Seven teachers who were chaperones on the five-day cruise were suspended without pay in April by local school officials after an investigation indicated they were drinking alcohol on the trip. The Tennessee State Board of Education now has recommended that the licenses of five of those seven be suspended for a year for the same incident. Those affected can appeal the recommendation, but the board's action is consistent with long-time policy that governs teacher conduct.

According to a state school board official, teachers and school staff members cannot possess or use alcohol at school or any school-related activity. Though the teachers involved are not charged with drinking in the presence of students, that does not excuse their actions. There is no wiggle room in the rule. Those who chaperone a school activity -- whether the excursion is across town or to the Bahamas -- are not allowed to use alcohol. If a teacher can't survive without a drink for five days while in charge of students, there is an alternative. He or she should stay home.

It goes without saying that underage drinking is always illegal and students who engage in the practice should expect disciplinary action. Indeed, 16 SMMHS students were cited for drinking on the cruise.

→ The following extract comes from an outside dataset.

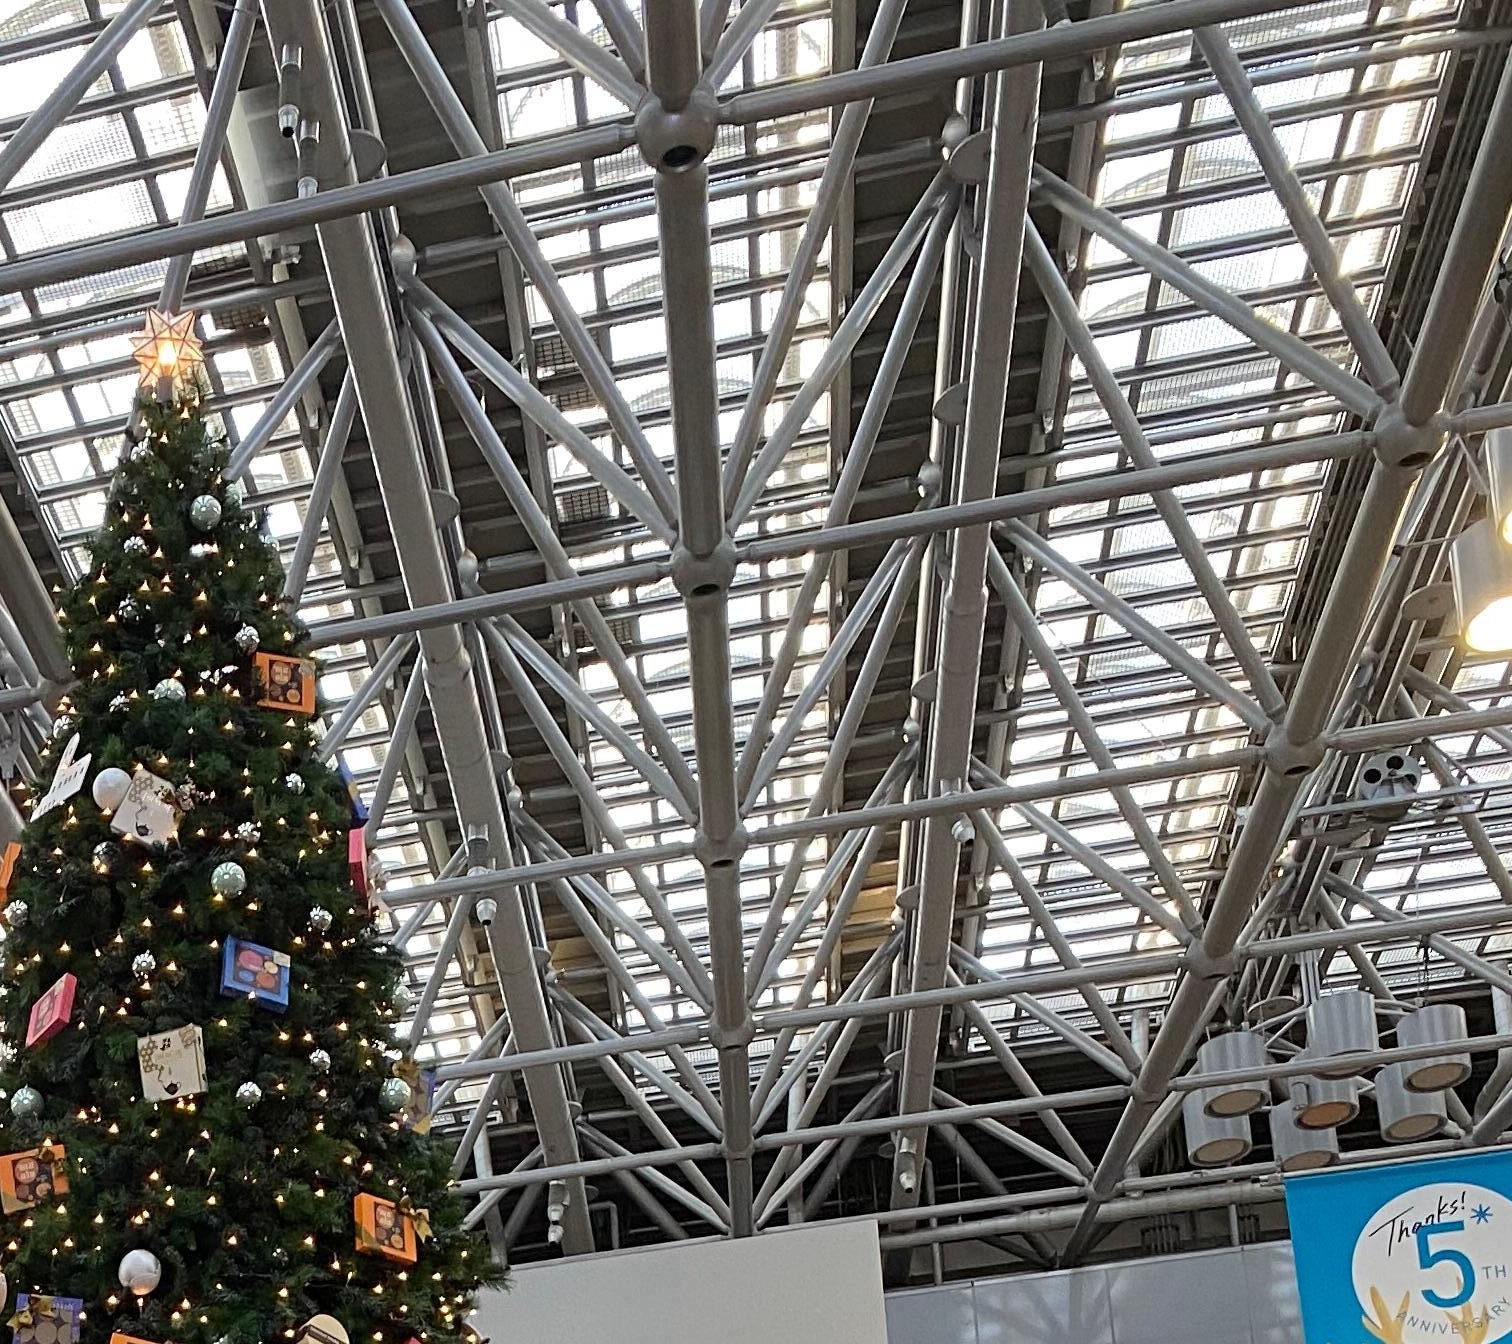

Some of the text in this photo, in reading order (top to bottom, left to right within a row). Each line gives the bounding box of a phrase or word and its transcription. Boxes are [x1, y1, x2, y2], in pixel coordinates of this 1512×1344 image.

The current instance is not the first time the schools' staff or students have been publicly connected to the illegal use of alcohol. Two of the seven faculty members cited in the cruise incident also were caught with alcohol at school. In the past, some students, including prominent athletes, have been caught consuming alcohol in various settings. Clearly, the school and residents of the community should address what appears to be the illegal and casual use of alcohol at their school and in their midst.

Alcohol is not the only problem bedeviling the school's reputation. A highly publicized fight between students and outsiders marred its image. So have assorted issues -- ranging from the use of ineligible players, fighting and still unproved charges of recruiting -- in the school's athletic program. Personnel and administrative issues have plagued the school, too.

Indeed, Tom McCullough, the current principal, announced this week that he is retiring. It's the second change at the top since the school opened. McCullough said that neither the current incident nor earlier ones played a direct role in his decision to step down, but he might be sugar-coating the truth. McCullough admits that issues like the cruise can cause a lot of stress. And stress, most people know, can prompt the desire for change.

School officials quickly named Robin Copp, now principal at Sale Creek High School, to replace McCullough. It was a remarkably swift action. McCullough said he informed Chip Baker, the District 2 school board representative, of his decision Saturday. Copp's appointment was announced Wednesday. That's speedy work for officials who generally move slowly on any topic, but it is in keeping with past practice of making major decisions with little public input or knowledge.

Copp takes charge of a school with a decidedly mixed reputation. Student test scores and measures of academic achievement are among the best in the state. Other issues -- alcohol use among students and teachers on duty, public questions about the athletic program, administrative issues -- dim the school's luster. Resolving those problems is a challenge, but it is one that must be met by school and community if SMMHS is to cement its place among the county's and state's top schools.